The issue was studied by the Faculty Senate’s Academic Initiatives Committee, which found that the proposal for a Mason campus in Korea “does have merit.”
The conditions are
- That deans of the colleges or schools that offer degrees in Songdo certify that the programs will meet all requirements for graduation, and that the sequence of courses will satisfy prerequisite requirements for the major degree program.
- That the senior vice president certify that the program in Songdo will be self-supporting and financially viable beyond the initial five-year subsidy period.
More information on the Songdo initiative is posted on the Faculty Senate website.
The senate also heard final reports from Board of Visitors (BOV) Rector Ernst Volgenau, whose term ends in June. Volgenau commented on President Alan Merten’s departure, saying, “I’ve been impressed with his leadership.” At the same time, Volgenau said he welcomed the incoming president, Ángel Cabrera. “I expect that he will have a wealth of new ideas and can take the university to the next level,” Volgenau said.
Senators questioned the rector about the contractual aspects of the Faculty Handbook. Volgenau asked Mason University Counsel Tom Moncure, who was present, to report on this at the next Faculty Senate meeting.
Regarding a search for a new provost when Peter Stearns steps down next year, the rector commented that he did not expect the BOV to be involved in the search and that the president would make the final decision.

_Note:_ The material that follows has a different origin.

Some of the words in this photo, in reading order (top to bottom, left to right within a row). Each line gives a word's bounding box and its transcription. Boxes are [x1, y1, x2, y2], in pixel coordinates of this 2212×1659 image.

Departing deans Lloyd Griffiths of the Volgenau School of Engineering and Shirley Travis of the College of Health and Human Services also addressed the group. Travis noted that her college is celebrating its fifth anniversary this year and that the school has recently added two new departments, Nutrition and Food Studies and Rehabilitation Science. She said that enrollment has been strong, but that the college can’t expand further until a planned new building is completed.

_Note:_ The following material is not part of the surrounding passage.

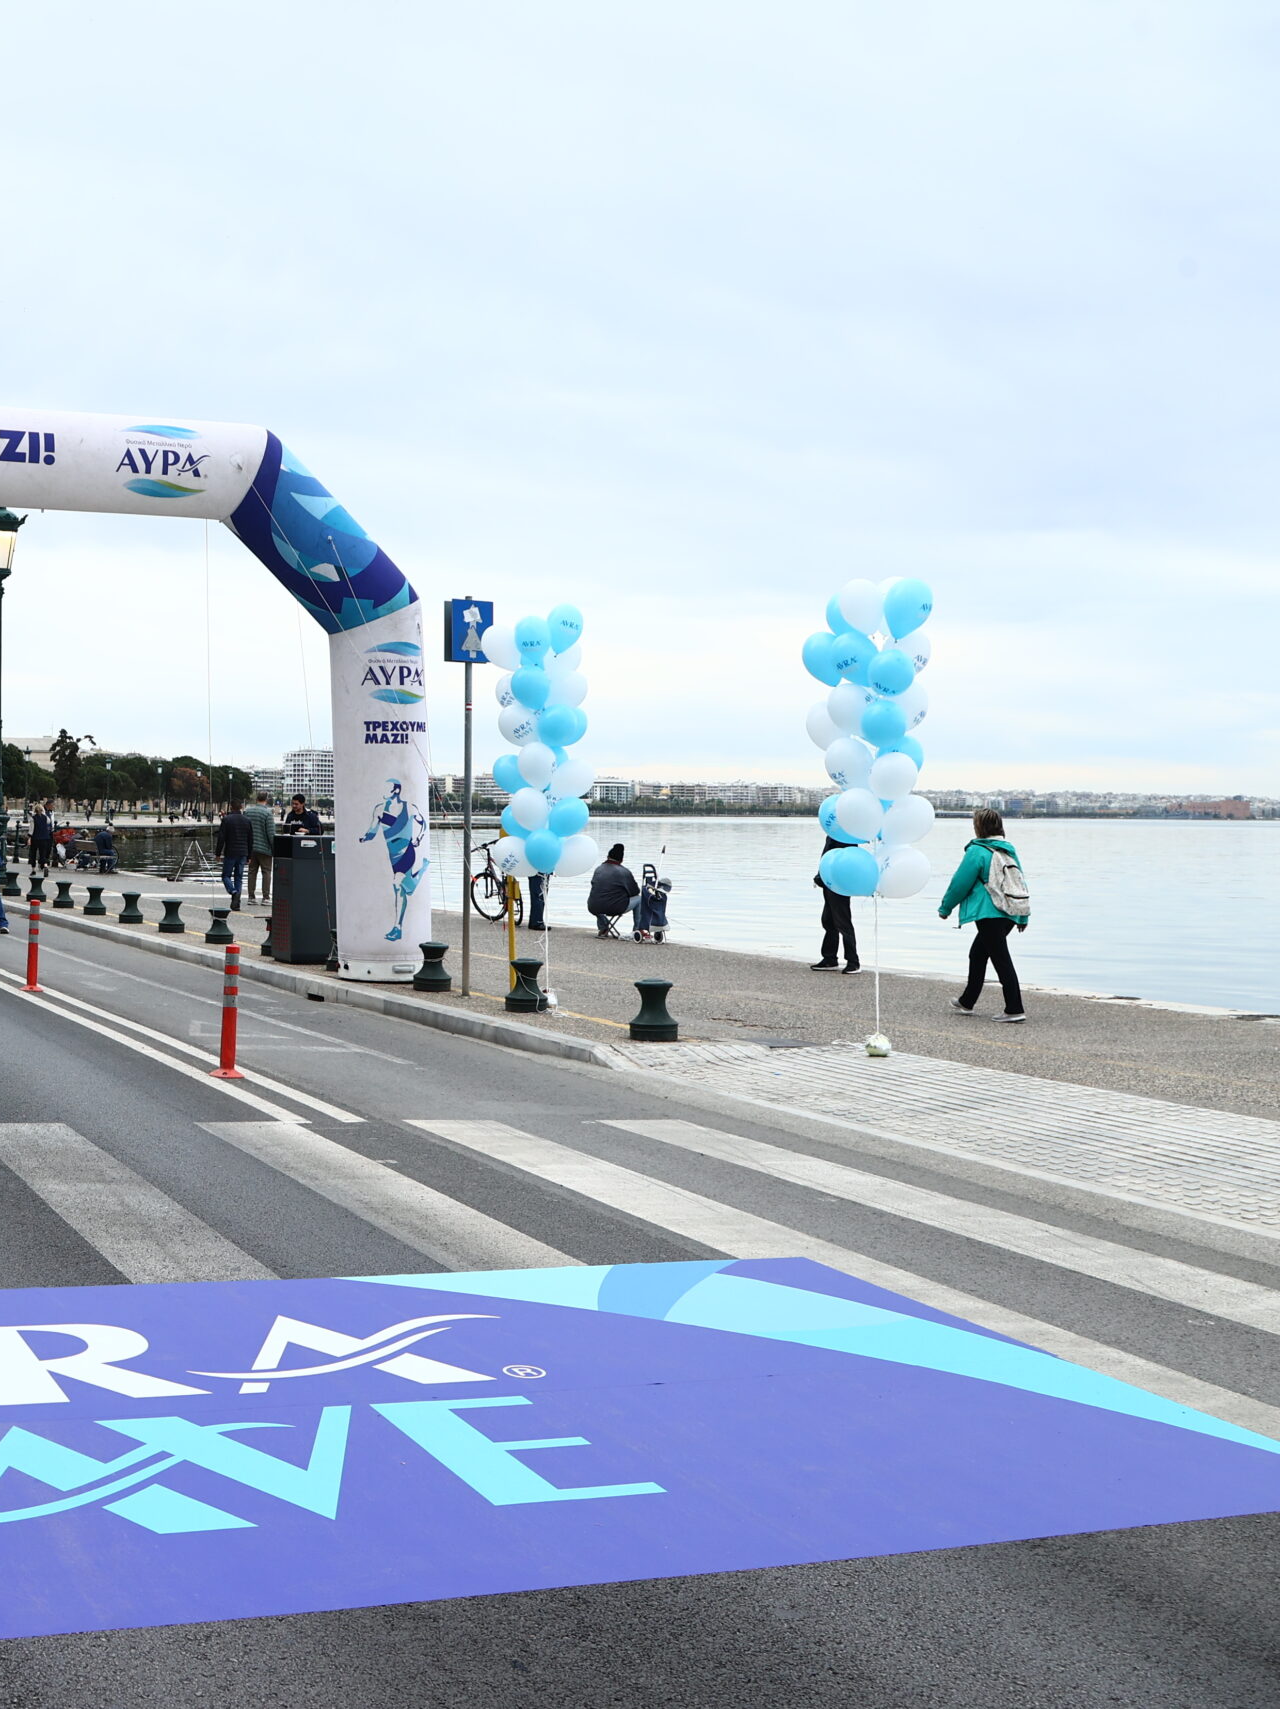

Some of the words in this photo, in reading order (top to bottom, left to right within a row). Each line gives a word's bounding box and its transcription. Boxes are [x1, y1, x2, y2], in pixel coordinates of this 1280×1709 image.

[115, 447, 211, 478] ΑΥΡΑ
[361, 665, 424, 687] ΑΥΡΑ
[363, 720, 426, 733] ΤΡΕΧΟΥΜΕ
[364, 733, 409, 744] ΜΑΖΙ!

Griffiths reported that a relatively new program, bioengineering, is “booming.” It is the school’s most popular undergraduate program and has attracted a large number of female students. The civil, environmental and infrastructure engineering program is also doing well, he said, as is the program in gaming, which is a partnership with the College of Visual and Performing Arts. Griffiths also said that the school is doing well in fundraising and will soon announce a major gift.
Griffiths said he plans to take a sabbatical after he steps down this summer and then return to teaching in the Volgenau School.
Chair Peter Pober announced that the Faculty Senate has been invited to meet with the incoming president Cabrera on Wednesday, March 7.
At its next meeting on Wednesday, March 28, the senate will consider a resolution regarding Mason’s presidential search process.